Of course not. So, what are the relative violent crime rates for whites and blacks? The 2011 FBI Homicide numbers tell an interesting story. We graphed up the percentages of inter- and intra-racial homicides here:


As several more mathematically sophisticated pundits have noted, white on white and black on black crime appear to occur at about the same frequency.
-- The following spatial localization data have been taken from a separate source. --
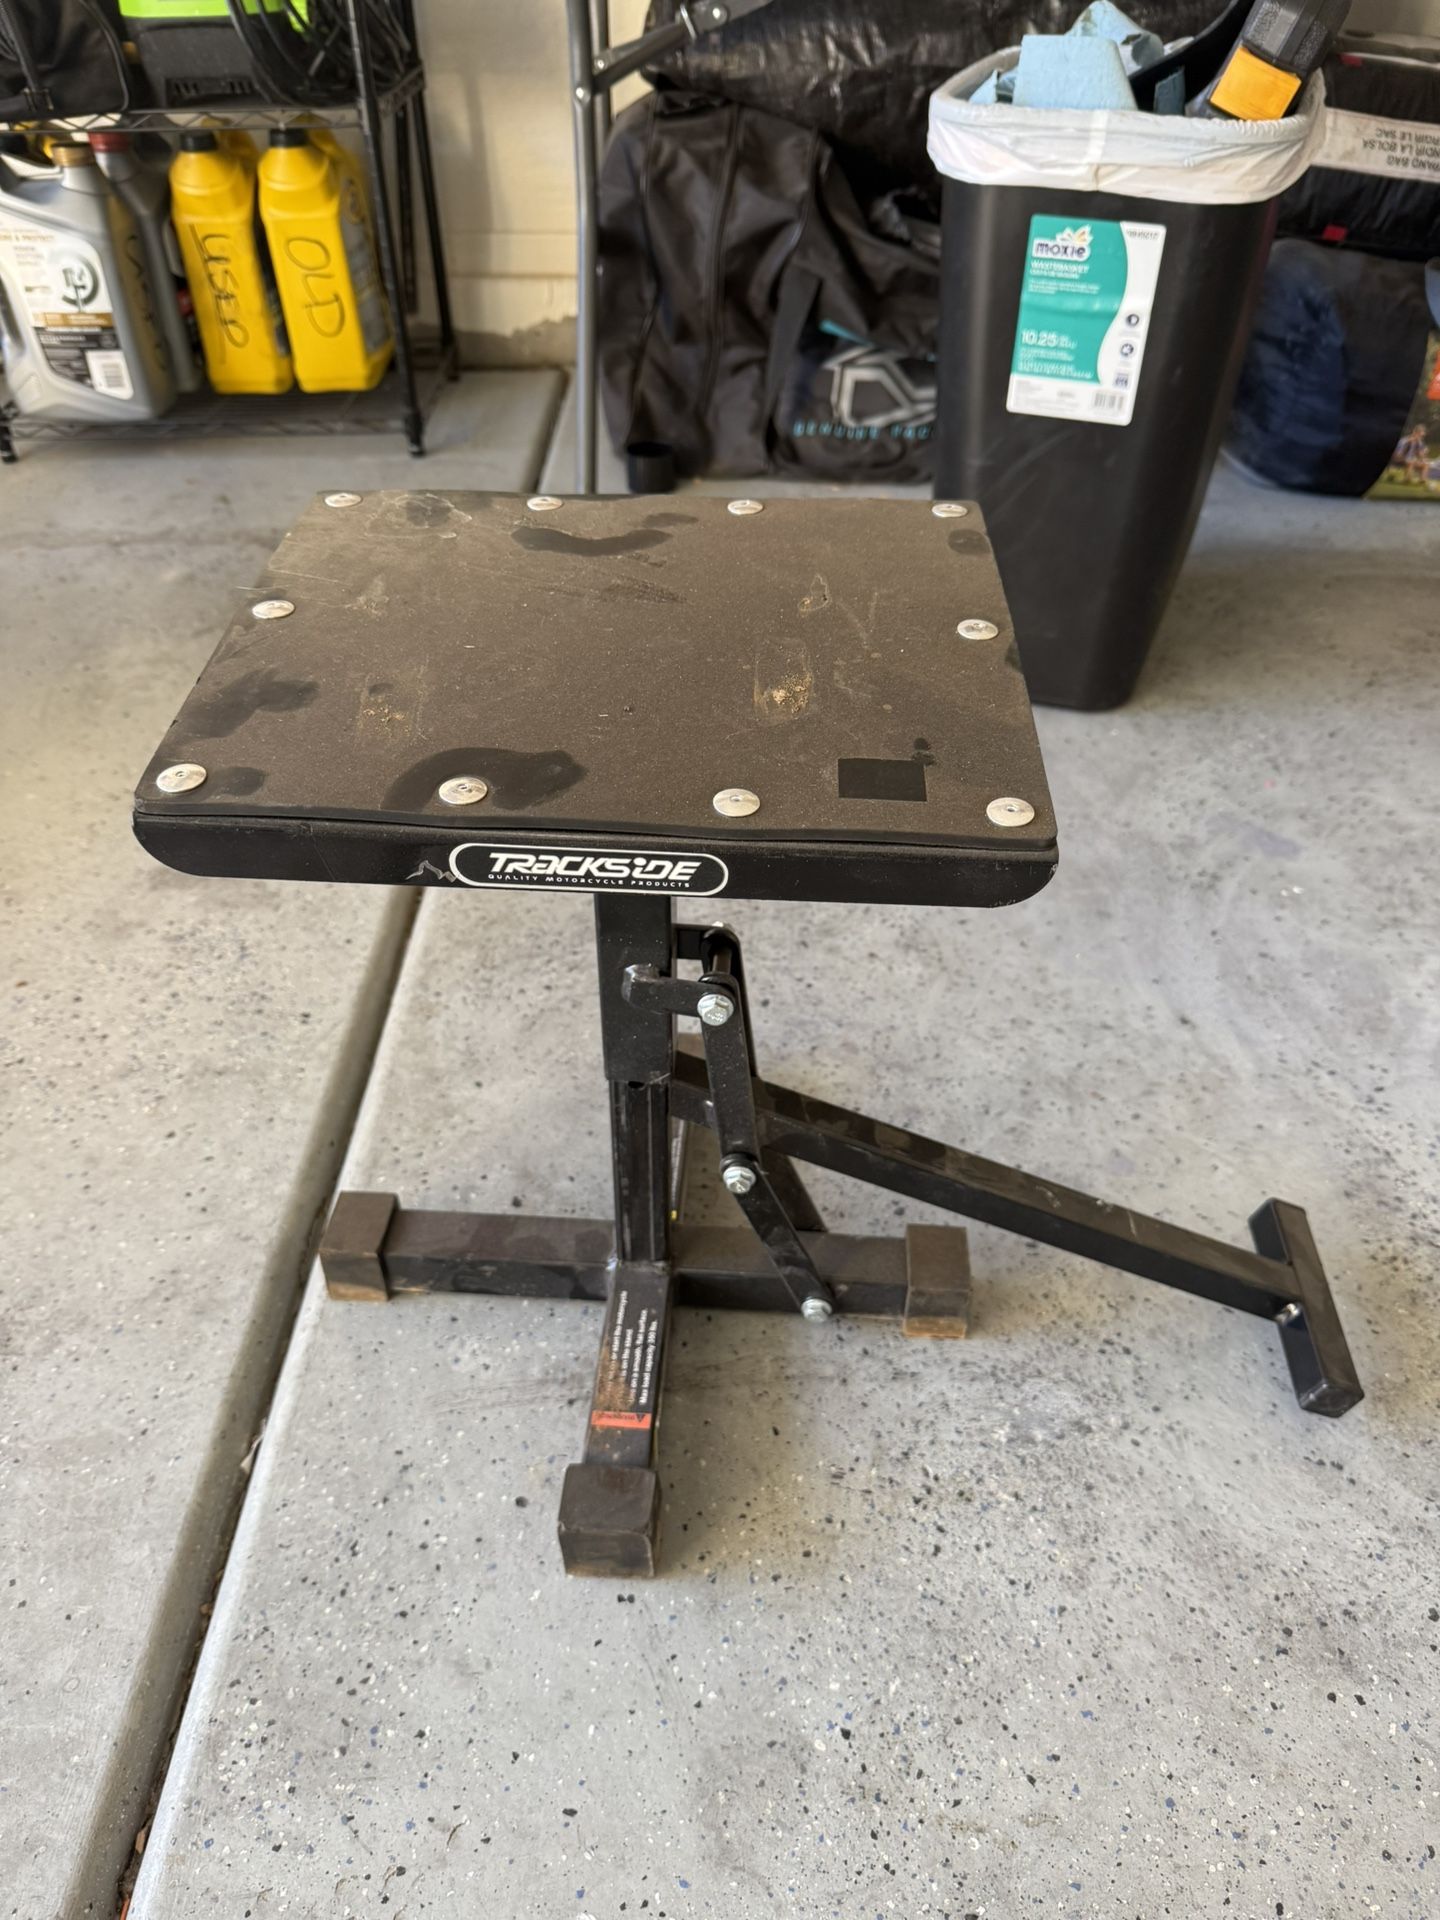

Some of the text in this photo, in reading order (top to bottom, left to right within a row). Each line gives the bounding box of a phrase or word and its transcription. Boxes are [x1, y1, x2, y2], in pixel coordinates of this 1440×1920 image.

[1376, 128, 1396, 139] SAC
[1362, 138, 1397, 152] BOLSA
[1401, 143, 1413, 155] LA
[1386, 155, 1409, 168] BAG
[1035, 242, 1086, 257] moxie
[201, 234, 249, 348] USED
[284, 236, 345, 338] OLD
[545, 876, 623, 885] MOTORCYCLE
[631, 880, 690, 888] PRODUCTS
But these numbers are not adjusted to reflect the fact that our population is 74% white and only 12.6% black. Unnormalized, the murder rates seem comparable. But when we adjust them to reflect the actual frequency of each race in the population, they're not comparable at all:

Whites are over 74% of the population, but in 2011 they committed only 47% of the murders.

Blacks are 12.6% of the population, but in 2011 they committed 49% of the murders.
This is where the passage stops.